A study predicts that in the next few years Microsoft Corp. will penetrate more deeply into banks' financial transaction businesses than most in the banking industry expect.

The study, by the Killen & Associates consulting firm, is aimed at outlining the extent to which the software giant will expand its role in the nascent business of electronic commerce.

Killen's findings, to be published later this month, provide perhaps the boldest and, for bankers, most alarming forecast for Microsoft's impact on the electronic financial services market.

The study projects that by the year 2000, Microsoft will be earning upwards of $2 billion in annual revenues from its electronic funds services alone.

Based on the software company's multifaceted foray into the electronic commerce business, Killen & Associates asserts that within the next five years "Microsoft's preeminent position in personal computer software, emerging on-line services, and other strategic resources will enable it to muscle into the top 15 electronic funds service suppliers to capture substantial business now controlled almost exclusively by banks and financial service providers."

"Don't be surprised when you see business taken away from major banks like Citibank, Mellon, and Bank of America, and third-party" suppliers like Equifax and Deluxe, said Michael Killen, president of Killen & Associates.

"Microsoft's focus and threat in the international financial services community is clear: Banks and other EFS providers must aggressively leverage corporate strengths and adopt new electronic business approaches or they will lose EFS market share and control of markets and profits."

The study, titled "Microsoft's Global Electronic Financial Services Strategy: Impact and Opportunity," predicates its judgment on several recent moves Microsoft has made in the funds services arena. The most notable of these is its pending acquisition of Intuit Inc., maker of the market-leading Quicken personal finance software.

Other key Microsoft initiatives to which the study points include the creation of a Microsoft Network annex on the Internet, a partnership with Visa International to provide for secure computer-based payment services, the development of an on-line shopping service, and a handful of other Internet application and multimedia development projects.

According to Matt Cone, a product manager for Microsoft, these "pieces aren't pulled together." He added that any estimate on the company's potential revenues in electronic fund services was "very speculative."

But based on its efforts to date, the software Goliath has more than a fighting chance to become as big in electronic commerce as any of the nation's top 20 financial institutions, according to David Young, a consultant who worked on the Killen study.

Without the acquisition of Intuit, however, Mr. Young said he would cut in half the study's $2 billion revenue estimate for Microsoft.

"It would slow them up by at least 50%," he said, adding that Microsoft would still hold an estimable position in the market.

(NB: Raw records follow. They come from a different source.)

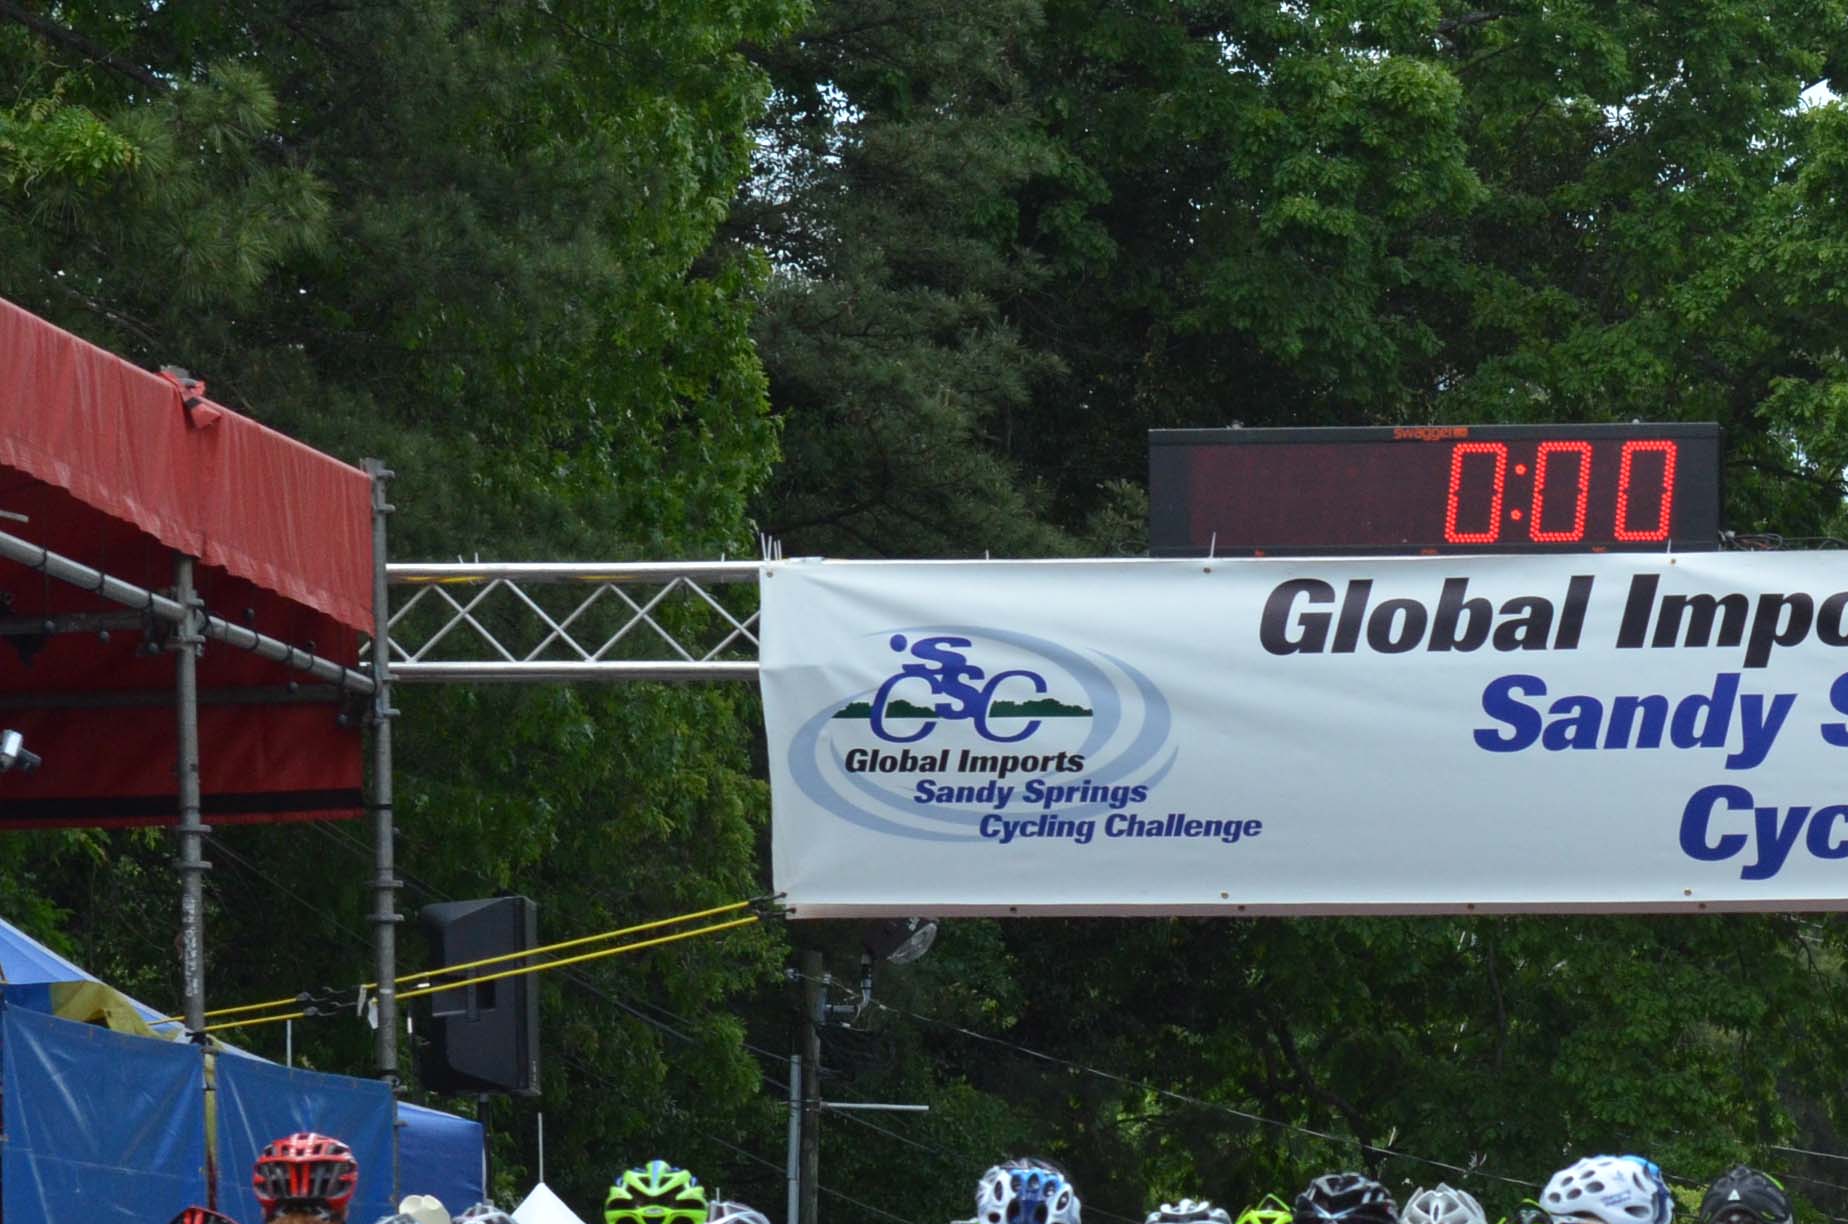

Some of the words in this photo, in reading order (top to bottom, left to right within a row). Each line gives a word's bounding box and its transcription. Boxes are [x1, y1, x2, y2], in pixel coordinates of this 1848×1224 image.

[1259, 576, 1594, 656] Global
[1474, 673, 1797, 769] Sandy
[845, 749, 949, 773] Global
[958, 750, 1084, 778] Imports
[914, 780, 1014, 809] Sandy
[1023, 780, 1148, 809] Springs
[980, 814, 1095, 844] Cycling
[1105, 813, 1263, 843] Challenge

"I was surprised at how fearful many of the big banks are about what Microsoft has put together," Mr. Young said. "I don't think any large bank executives are fooled into believing Microsoft will do anything but compete with them."

But, in fact, four large banking companies - U.S. Bancorp, First Chicago Corp., Michigan National Corp., and Chase Manhattan Corp. - have already partnered with Microsoft to provide their customers with home banking services.

Since pairing up with Microsoft more than a year ago, U.S. Bank has signed on 3,800 banking customers. And that experience "does not support Microsoft competing for our customers," according to Linda Parker, a vice president at U.S. Bank. Ms. Parker pointed to a "learning curve" for banks in electronic commerce, and said teaming up with technologically savvy partners was the best way - perhaps the only way - to make headway in this rapidly burgeoning marketplace.

But many bankers remain skeptical.

"I think it's sad that the banking industry is not taking this more seriously," said William M. Randle, senior vice president for marketing and strategic planning at Huntington Bancshares.

"What strikes me as completely inappropriate is that the industry has no strategy."

Microsoft is not the only player banks must watch out for. Both Mr. Young and Mr. Randle pointed out that other large nonbank companies - such as AT&T, First Data Corp., First Financial Management Corp., and a handful of telecommunications and cable firms - could pose a mighty threat as well.